Sports car racing event

The 2024 Porsche Mobil 1 Supercup was the 32nd Porsche Supercup season, a GT3 production stock car racing series sanctioned by Porsche Motorsports GmbH in the world. It began on 19 May at Imola Circuit, Italy and ended on 1 September at the Autodromo Nazionale di Monza, Italy, after eight races, all of which were support events for the 2024 Formula One World Championship.

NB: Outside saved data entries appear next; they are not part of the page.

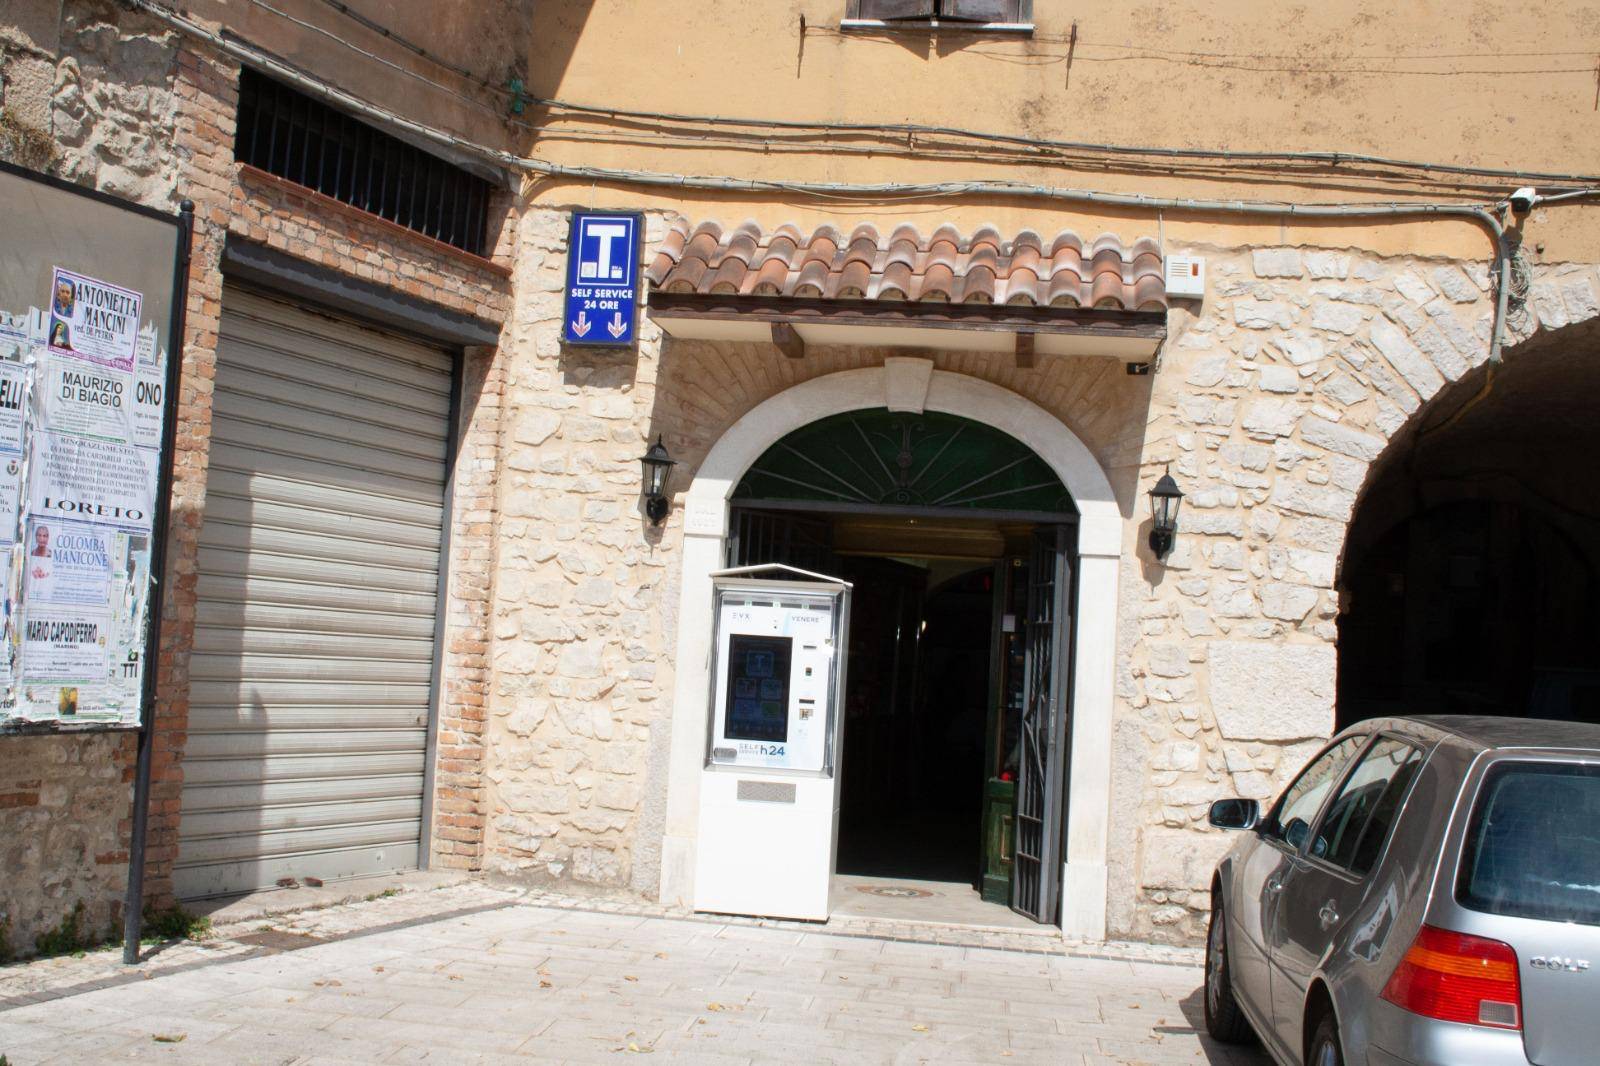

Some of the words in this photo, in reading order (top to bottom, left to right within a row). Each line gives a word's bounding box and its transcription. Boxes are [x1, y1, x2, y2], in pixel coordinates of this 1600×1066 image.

[587, 225, 626, 278] T
[77, 283, 137, 318] ANTONIETTA
[571, 288, 592, 298] SELF
[595, 289, 633, 299] SERVICE
[584, 300, 597, 309] 24
[599, 301, 619, 310] ORE
[84, 306, 126, 334] MANCINI
[62, 371, 123, 394] MAURIZIO
[62, 386, 75, 400] DI
[79, 389, 121, 408] BIAGIO
[44, 497, 143, 520] LORETO
[56, 535, 105, 552] COLOMBA
[53, 549, 109, 567] MANICONE
[27, 620, 49, 642] MARIO
[50, 621, 98, 644] CAPODIFERRO
[760, 745, 785, 756] h24
[1530, 956, 1590, 972] GOLF

The championship was won by Dutch driver Larry ten Voorde for the Schumacher CLRT team. It was ten Voorde's third Supercup title and his fifth consecutive top-2 championship result. Ten Voorde finished 23 points ahead of British driver Harry King driving for the BWT Lechner Racing team and 47 points ahead of his Schmacher CLRT team mate, French driver Marvin Klein.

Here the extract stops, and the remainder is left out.